Residents and events in 2022
May
30.05 Anna Maquet (EE) and Sandra Kosorotova (EE) workshops:* building
new beds based on permaculture principles.
June
18.06 Sean Roy Parker (UK) workshops* I: concocting a healing gardeners
hand balm from local herbs
July
17.07 Sean Roy Parker (UK) workshops* II: lactofermenting
24.07 Michaela Casková (CZ) workshops:* weather-casting: making dyes and
inks from local plants and found materials
August
14.08 Dambi Kim workshop (South Korea): tea ceremony
28.08 Sille Kima workshops:* listening and harvesting field recordings from the
garden and making a collective mixtape. The co-created sound composition will stay as an
installation around Narva Art Residency until spring 2023, reminiscing of the abundance of
autumn harvest until the beginning of the next cycle.
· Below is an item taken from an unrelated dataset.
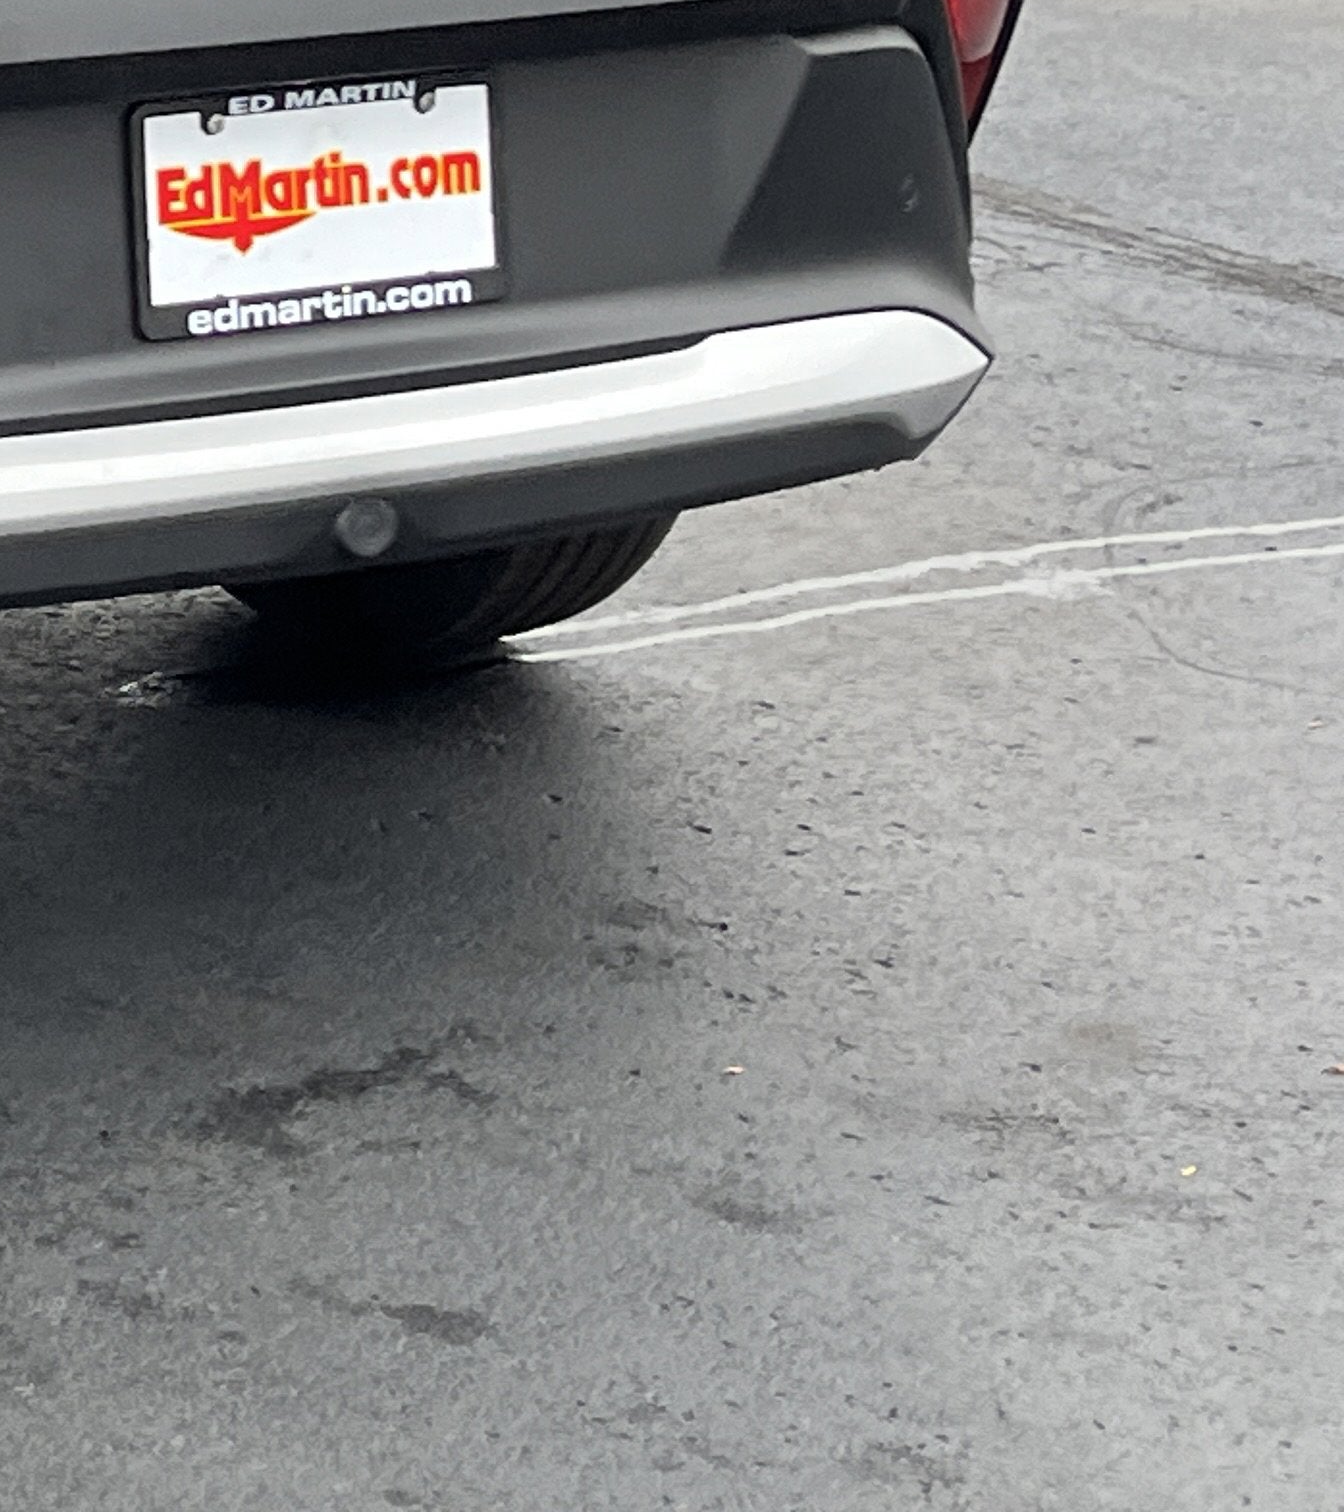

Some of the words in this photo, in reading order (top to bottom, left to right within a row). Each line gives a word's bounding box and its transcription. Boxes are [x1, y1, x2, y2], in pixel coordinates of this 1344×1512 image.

[228, 95, 275, 115] ED
[284, 80, 416, 110] MARTIN
[156, 151, 481, 225] EdMartin.com
[187, 278, 473, 335] edmartin.com
Residents and events 2020–2021
2020
July
Garden initiation: first raised bed.
August
Local edible weeds tour for the public; building new raised beds with Narva-local youth
organization VitaTiim.
2021
March
The first resident of Kreenholm Plants, Estonian interior architect and designer Kaisa Sööt
created a plan for the garden and designed a garden bed and compost box.
April
II garden resident, Lithuanian textile artist Karolina Janulevičiūtė curated and planted beds
with herbs and flowers, that are both medicinal and can be used to dye textiles.
May
Building the new raised bed with Kaisa Sööt design; sowing seeds in the bed with the clients
of Narva Social Care Center for neurodiverse people.
June
Co-leading with Maria Muuk a food-themed workshop ‘Obshenie’ as part of (Re)configuring
Territories Summer School: the socio-political histories of soviet legacy candy and culinary
delights, local edible weeds tour, cooking with weeds and surplus food, co-organising reading
material.
July
III garden resident, Latvian born and Latvian and UK based designer and permaculture
specialist Vineta Gailite built a geodome shelter in the garden and conducted a series of
geodome building workshops.* A collective dreaming was held about what the garden
would need and could have in the future.
August
Karolina Janulevičiūtė led a series of workshops,* where the participants could practice textile
dyeing with the plants from the garden as well as learn about their medicinal properties.
*
All workshops are free of charge and happen in two versions: a closed workshop for the clients
of the Narva Social Care Center for neurodiverse folks and an open workshop, which everyone
is welcome to join.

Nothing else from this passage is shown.